A Seconds, plataforma curitibana de inteligência para marketplaces, nasceu de uma dor comum entre vendedores online: vender mais nem sempre significa ganhar mais.
Criada por Leonardo Vilar e Greyce Minatti, a empresa cresceu sem captar recursos externos e hoje apoia clientes que transacionaram R$ 12,3 bilhões em 2024. O valor não representa a receita da Seconds, mas o volume de vendas online gerenciado com suporte da tecnologia da companhia.
A plataforma ajuda lojistas a administrar preços, anúncios, concorrência e rentabilidade em canais digitais. Hoje, movimenta cerca de R$ 900 milhões por mês em vendas online, gerencia mais de 51 milhões de anúncios e monitora aproximadamente 600 mil concorrentes em tempo real.
A escala atual contrasta com a origem do negócio. Antes da plataforma, os fundadores quebraram três vezes, acumularam dívidas e venderam patrimônio, incluindo a própria casa, para manter o projeto vivo.
De vendedor online a fundador de plataforma
Leonardo Vilar começou a carreira como programador, mas encontrou no comércio eletrônico uma oportunidade de empreender. Depois de atuar em projetos de tecnologia, tornou-se sócio de uma operação de motopeças vendidas pela internet.
O negócio crescia, mas a margem desaparecia. Custos de aquisição, investimentos em mídia, taxas dos marketplaces e despesas operacionais pressionavam a operação.
A virada veio quando Vilar passou a vender no Mercado Livre, ainda em uma fase em que parte dos lojistas tradicionais olhava a plataforma com desconfiança. Em poucos meses, alcançou a categoria Platinum e passou a administrar dezenas de milhares de anúncios.
O avanço trouxe um novo problema: a complexidade. Preços mudavam o tempo todo, concorrentes reagiam em tempo real, regras das plataformas eram atualizadas e algoritmos influenciavam a visibilidade dos produtos.
Sem encontrar uma solução adequada no mercado, ele decidiu desenvolver a própria tecnologia.
Tecnologia nasceu de uma quase falência
O sistema começou como uma ferramenta interna para resolver os problemas da operação dos próprios fundadores.
Enquanto Leonardo trabalhava no desenvolvimento da tecnologia, Greyce assumia parte da linha de frente do negócio. Sem formação técnica, passou a aprender sobre logística, atendimento, gestão de conflitos e vendas online dentro da rotina dos marketplaces.
A empresa ainda não tinha produto pronto, mas já lidava com dívidas bancárias, cobranças de fornecedores e pressão financeira.

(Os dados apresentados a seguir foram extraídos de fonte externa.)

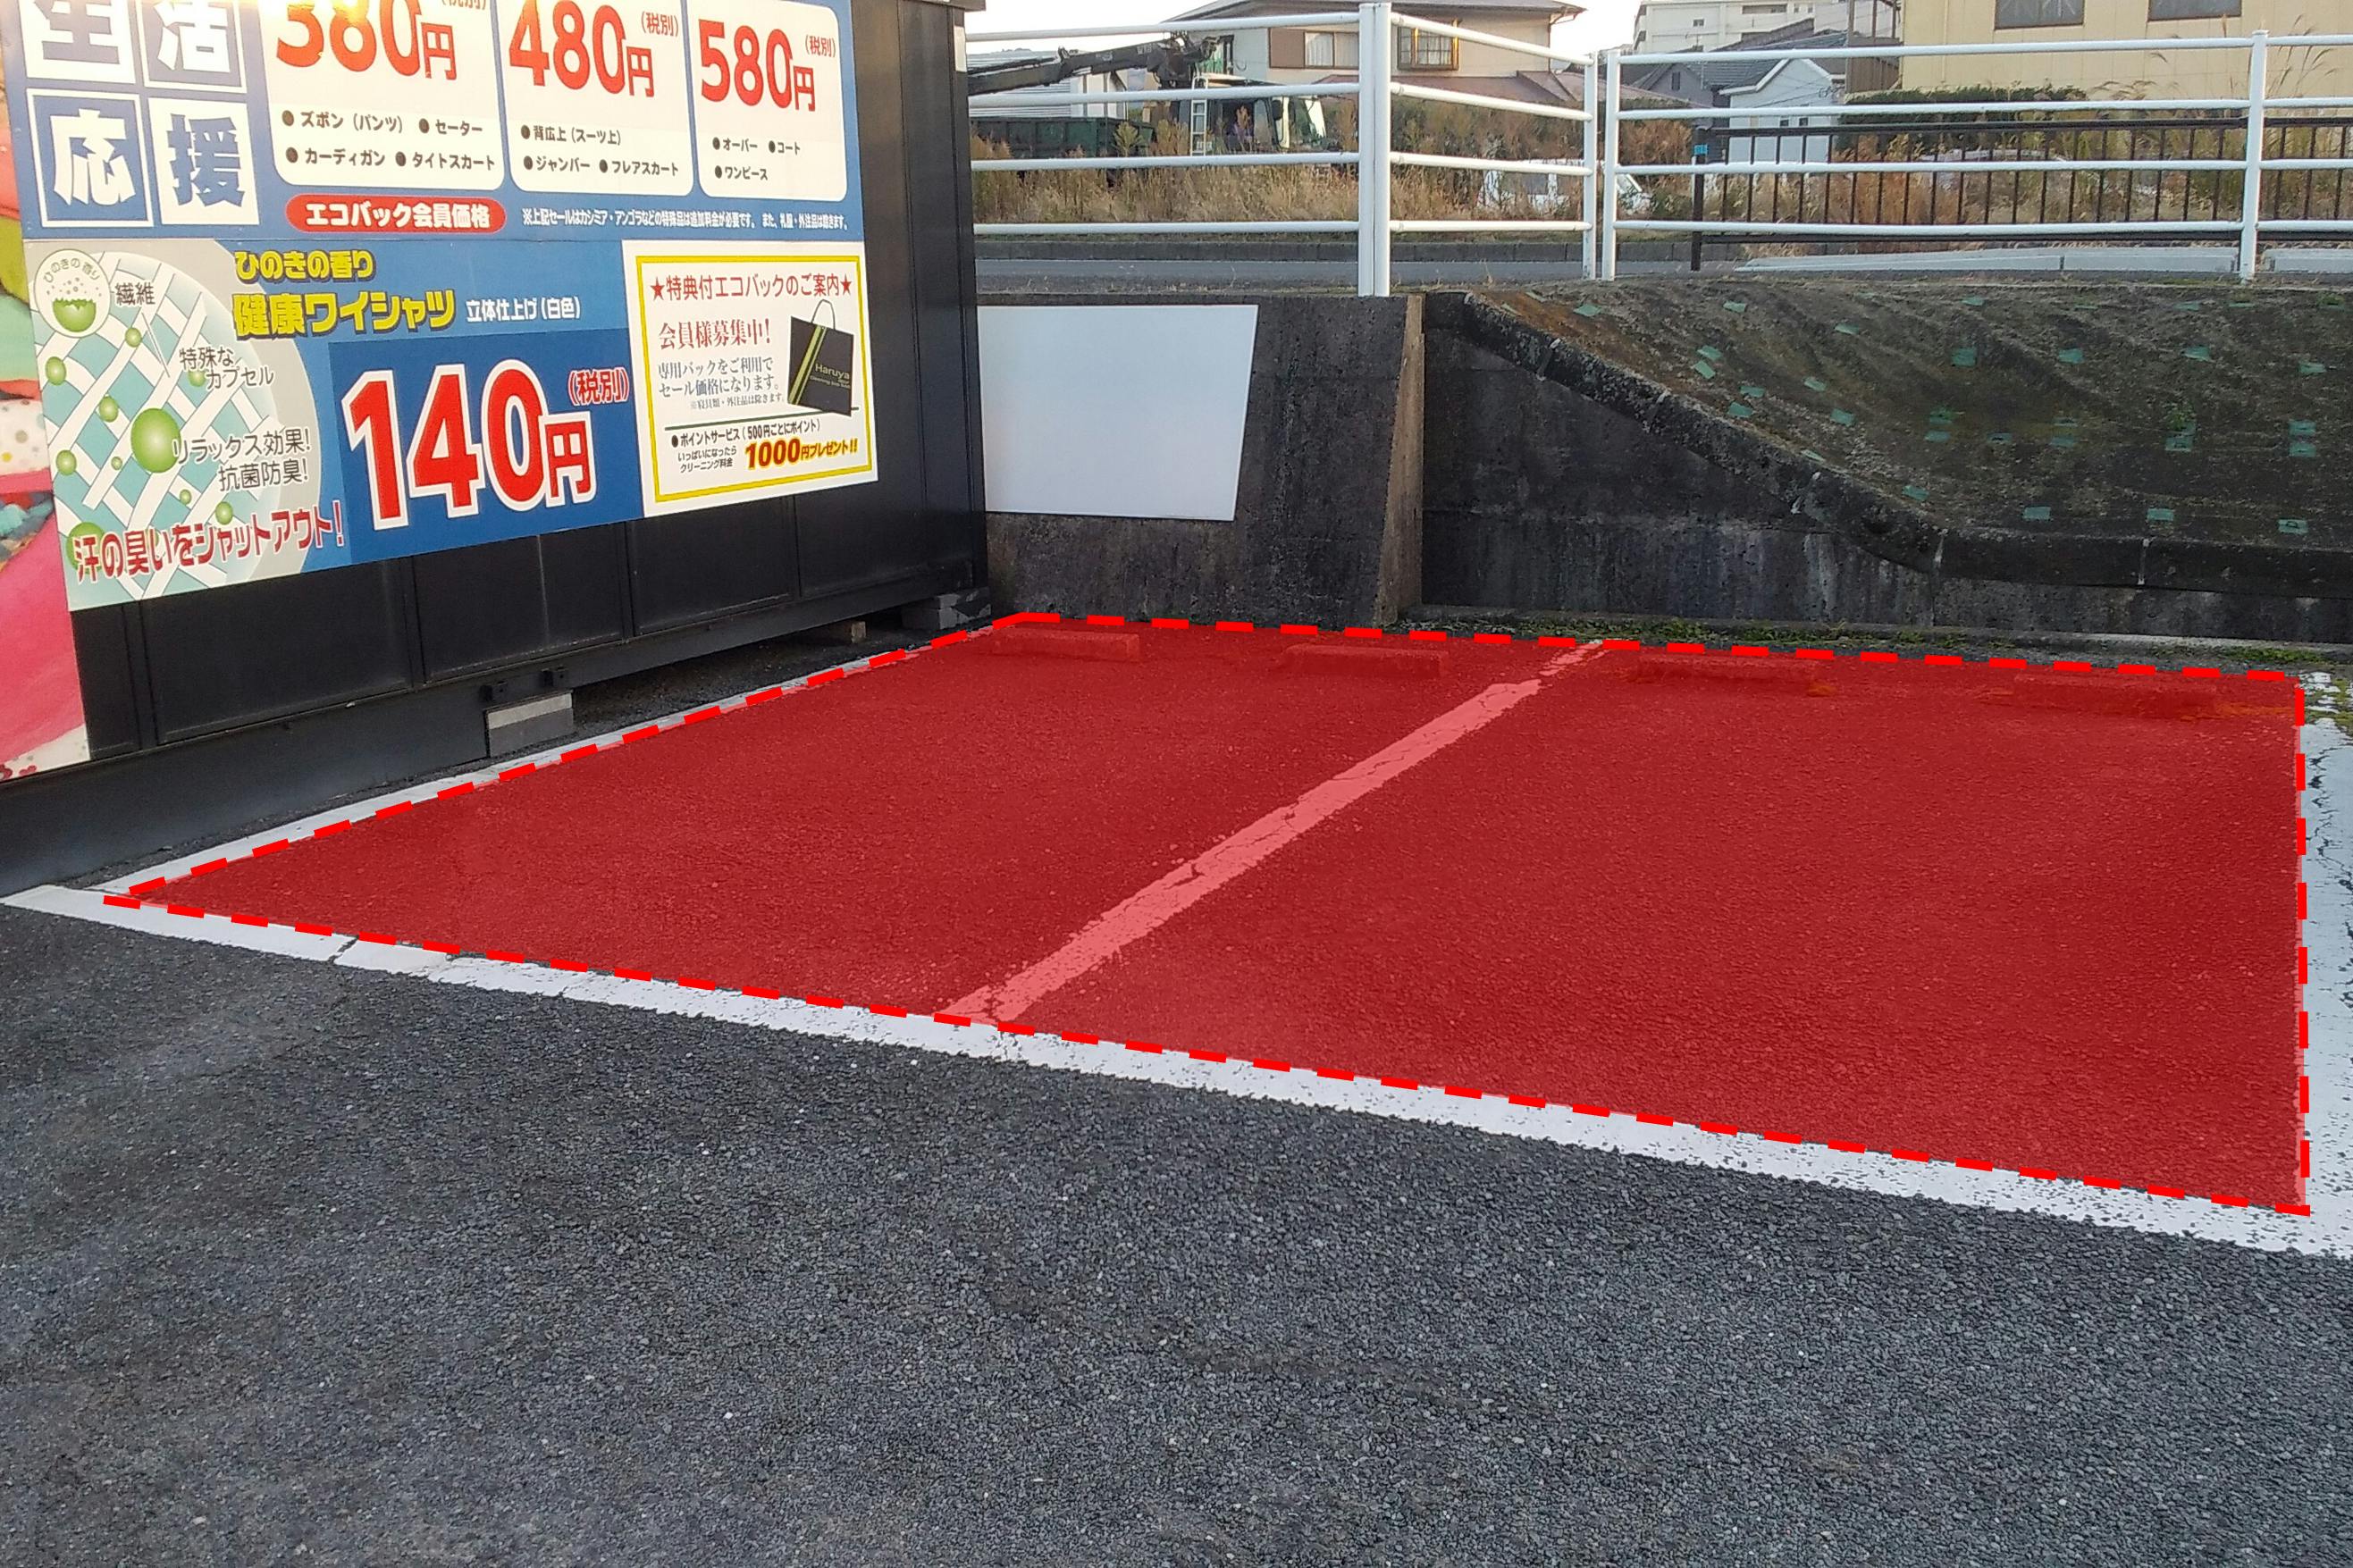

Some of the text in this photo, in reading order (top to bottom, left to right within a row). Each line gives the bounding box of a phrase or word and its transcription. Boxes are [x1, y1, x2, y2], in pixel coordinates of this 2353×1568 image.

[508, 0, 655, 97] 480円
[698, 19, 816, 112] 580円
[435, 119, 483, 136] セーター
[50, 108, 246, 207] 応援
[305, 147, 495, 171] カーディガン タイトスカート
[777, 141, 801, 155] コート
[612, 161, 679, 176] フレアスカート
[724, 165, 769, 180] ワンピース
[306, 201, 491, 230] エコバック会員価格
[234, 249, 374, 281] ひのきの香り
[114, 281, 155, 306] 繊維
[231, 289, 456, 338] 健康ワイシャツ
[179, 347, 234, 370] 特殊な
[206, 365, 274, 390] カプセル
[815, 363, 850, 380] Haruya
[343, 361, 596, 531] 140円
[677, 445, 737, 462] いっぱいになったら
[680, 457, 734, 474] クリーニング料金

Para seguir em frente, a família vendeu bens e usou recursos próprios.
A experiência moldou a tese central da Seconds: ajudar vendedores a olhar menos para faturamento bruto e mais para lucratividade.
Vender mais não basta
A Seconds cresceu com uma proposta direta para sellers. Em marketplaces cada vez mais competitivos, aumentar volume de vendas pode não resolver o problema se a margem for corroída por frete, taxas, mídia paga, descontos e reajustes de concorrentes.

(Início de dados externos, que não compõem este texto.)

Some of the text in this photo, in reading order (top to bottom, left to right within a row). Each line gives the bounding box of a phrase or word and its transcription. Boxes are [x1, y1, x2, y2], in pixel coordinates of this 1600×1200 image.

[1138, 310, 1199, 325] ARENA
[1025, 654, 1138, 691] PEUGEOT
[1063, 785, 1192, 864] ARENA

A plataforma foi construída para apoiar decisões de precificação, posicionamento, anúncios e gestão operacional.
O foco em lucratividade se tornou diferencial em um mercado em que muitas ferramentas priorizam apenas escala, volume e exposição.
Nos primeiros anos, a empresa combinava tecnologia com consultoria, planilhas, visitas presenciais e suporte direto aos vendedores. Essa proximidade ajudou a entender problemas reais dos lojistas e a transformar essas dores em produto.
Mercado Livre foi a primeira especialização
A experiência prática no Mercado Livre criou uma vantagem para a Seconds. Ao longo dos anos, a empresa acumulou conhecimento sobre regras da plataforma, comportamento dos vendedores, gestão de anúncios e disputa por preço.
Essa especialização ajudou a companhia a conquistar sellers que precisavam preservar margem em um ambiente de alta concorrência.
Agora, a Seconds avança para outros canais. Além do Mercado Livre, a empresa amplia integrações com Amazon, Shopee, Magalu, Shein e MadeiraMadeira.
O objetivo é se tornar uma plataforma multicanal para vendedores que atuam em diferentes marketplaces ao mesmo tempo.